The answer must consist of the records below, repeated exactly.

┌──

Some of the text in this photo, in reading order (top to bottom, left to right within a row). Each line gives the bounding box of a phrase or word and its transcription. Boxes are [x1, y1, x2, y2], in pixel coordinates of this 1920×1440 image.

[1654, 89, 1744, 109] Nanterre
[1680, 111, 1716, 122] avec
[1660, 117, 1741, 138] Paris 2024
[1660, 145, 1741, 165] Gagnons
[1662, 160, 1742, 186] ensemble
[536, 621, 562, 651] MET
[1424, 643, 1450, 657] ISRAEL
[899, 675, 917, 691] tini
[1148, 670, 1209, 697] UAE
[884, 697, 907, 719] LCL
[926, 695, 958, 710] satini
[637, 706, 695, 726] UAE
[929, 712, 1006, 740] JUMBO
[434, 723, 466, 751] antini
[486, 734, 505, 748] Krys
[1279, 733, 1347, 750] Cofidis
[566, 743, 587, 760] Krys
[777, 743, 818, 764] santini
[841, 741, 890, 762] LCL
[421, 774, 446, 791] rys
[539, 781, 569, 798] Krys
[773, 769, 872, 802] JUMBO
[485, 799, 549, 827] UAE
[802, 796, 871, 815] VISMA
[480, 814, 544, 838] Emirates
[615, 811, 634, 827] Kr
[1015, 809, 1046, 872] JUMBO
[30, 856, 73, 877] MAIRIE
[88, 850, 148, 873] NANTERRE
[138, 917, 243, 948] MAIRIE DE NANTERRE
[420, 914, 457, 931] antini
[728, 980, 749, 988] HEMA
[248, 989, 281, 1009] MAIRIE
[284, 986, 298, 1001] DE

└──

Result of the exercise:
Some of the text in this photo, in reading order (top to bottom, left to right within a row). Each line gives the bounding box of a phrase or word and its transcription. Boxes are [x1, y1, x2, y2], in pixel coordinates of this 1920×1440 image.

[1654, 89, 1744, 109] Nanterre
[1680, 111, 1716, 122] avec
[1660, 117, 1741, 138] Paris 2024
[1660, 145, 1741, 165] Gagnons
[1662, 160, 1742, 186] ensemble
[536, 621, 562, 651] MET
[1424, 643, 1450, 657] ISRAEL
[899, 675, 917, 691] tini
[1148, 670, 1209, 697] UAE
[884, 697, 907, 719] LCL
[926, 695, 958, 710] satini
[637, 706, 695, 726] UAE
[929, 712, 1006, 740] JUMBO
[434, 723, 466, 751] antini
[486, 734, 505, 748] Krys
[1279, 733, 1347, 750] Cofidis
[566, 743, 587, 760] Krys
[777, 743, 818, 764] santini
[841, 741, 890, 762] LCL
[421, 774, 446, 791] rys
[539, 781, 569, 798] Krys
[773, 769, 872, 802] JUMBO
[485, 799, 549, 827] UAE
[802, 796, 871, 815] VISMA
[480, 814, 544, 838] Emirates
[615, 811, 634, 827] Kr
[1015, 809, 1046, 872] JUMBO
[30, 856, 73, 877] MAIRIE
[88, 850, 148, 873] NANTERRE
[138, 917, 243, 948] MAIRIE DE NANTERRE
[420, 914, 457, 931] antini
[728, 980, 749, 988] HEMA
[248, 989, 281, 1009] MAIRIE
[284, 986, 298, 1001] DE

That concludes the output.